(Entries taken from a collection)
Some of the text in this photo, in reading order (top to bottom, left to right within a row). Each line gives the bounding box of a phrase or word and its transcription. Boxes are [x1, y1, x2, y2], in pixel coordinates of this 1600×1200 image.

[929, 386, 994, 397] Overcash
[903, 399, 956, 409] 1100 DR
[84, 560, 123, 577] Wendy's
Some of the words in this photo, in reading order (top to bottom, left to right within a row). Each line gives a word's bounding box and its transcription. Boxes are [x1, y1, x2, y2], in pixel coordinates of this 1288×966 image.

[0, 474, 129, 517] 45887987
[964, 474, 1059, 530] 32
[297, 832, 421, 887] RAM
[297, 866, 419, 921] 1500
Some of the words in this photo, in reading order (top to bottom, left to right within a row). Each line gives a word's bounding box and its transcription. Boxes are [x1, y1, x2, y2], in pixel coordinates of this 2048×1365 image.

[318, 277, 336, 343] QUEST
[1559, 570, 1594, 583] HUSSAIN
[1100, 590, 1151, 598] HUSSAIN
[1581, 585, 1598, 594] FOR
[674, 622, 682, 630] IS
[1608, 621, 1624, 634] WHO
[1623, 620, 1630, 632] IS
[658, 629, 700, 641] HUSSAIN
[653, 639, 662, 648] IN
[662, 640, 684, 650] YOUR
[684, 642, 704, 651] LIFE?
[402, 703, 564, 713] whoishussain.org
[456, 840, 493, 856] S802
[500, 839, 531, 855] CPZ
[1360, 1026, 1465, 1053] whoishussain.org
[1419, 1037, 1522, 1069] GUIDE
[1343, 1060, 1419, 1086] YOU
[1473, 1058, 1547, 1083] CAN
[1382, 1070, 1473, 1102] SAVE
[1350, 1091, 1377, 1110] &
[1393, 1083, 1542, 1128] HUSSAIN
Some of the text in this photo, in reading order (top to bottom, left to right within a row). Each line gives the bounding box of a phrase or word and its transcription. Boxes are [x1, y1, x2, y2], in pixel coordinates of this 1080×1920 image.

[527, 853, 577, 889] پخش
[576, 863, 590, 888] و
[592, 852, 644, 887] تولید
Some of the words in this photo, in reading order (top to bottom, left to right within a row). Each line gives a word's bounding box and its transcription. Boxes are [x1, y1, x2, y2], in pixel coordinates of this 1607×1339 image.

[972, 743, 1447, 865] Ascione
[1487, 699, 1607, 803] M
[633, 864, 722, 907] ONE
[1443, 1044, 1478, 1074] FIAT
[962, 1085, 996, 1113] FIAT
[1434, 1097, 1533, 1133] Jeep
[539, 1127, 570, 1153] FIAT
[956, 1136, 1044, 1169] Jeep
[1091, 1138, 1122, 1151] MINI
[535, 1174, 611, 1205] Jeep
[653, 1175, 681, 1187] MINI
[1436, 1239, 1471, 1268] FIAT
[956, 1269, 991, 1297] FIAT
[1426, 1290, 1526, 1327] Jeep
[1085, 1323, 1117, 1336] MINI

● **EXERCISE GOAL**
Only the lines from the one bearing "this 1607×1339 image." through the end of the entries above belong in the answer, each one exactly as given.

● **SOLUTION FOR THIS EXERCISE**
Some of the words in this photo, in reading order (top to bottom, left to right within a row). Each line gives a word's bounding box and its transcription. Boxes are [x1, y1, x2, y2], in pixel coordinates of this 1607×1339 image.

[972, 743, 1447, 865] Ascione
[1487, 699, 1607, 803] M
[633, 864, 722, 907] ONE
[1443, 1044, 1478, 1074] FIAT
[962, 1085, 996, 1113] FIAT
[1434, 1097, 1533, 1133] Jeep
[539, 1127, 570, 1153] FIAT
[956, 1136, 1044, 1169] Jeep
[1091, 1138, 1122, 1151] MINI
[535, 1174, 611, 1205] Jeep
[653, 1175, 681, 1187] MINI
[1436, 1239, 1471, 1268] FIAT
[956, 1269, 991, 1297] FIAT
[1426, 1290, 1526, 1327] Jeep
[1085, 1323, 1117, 1336] MINI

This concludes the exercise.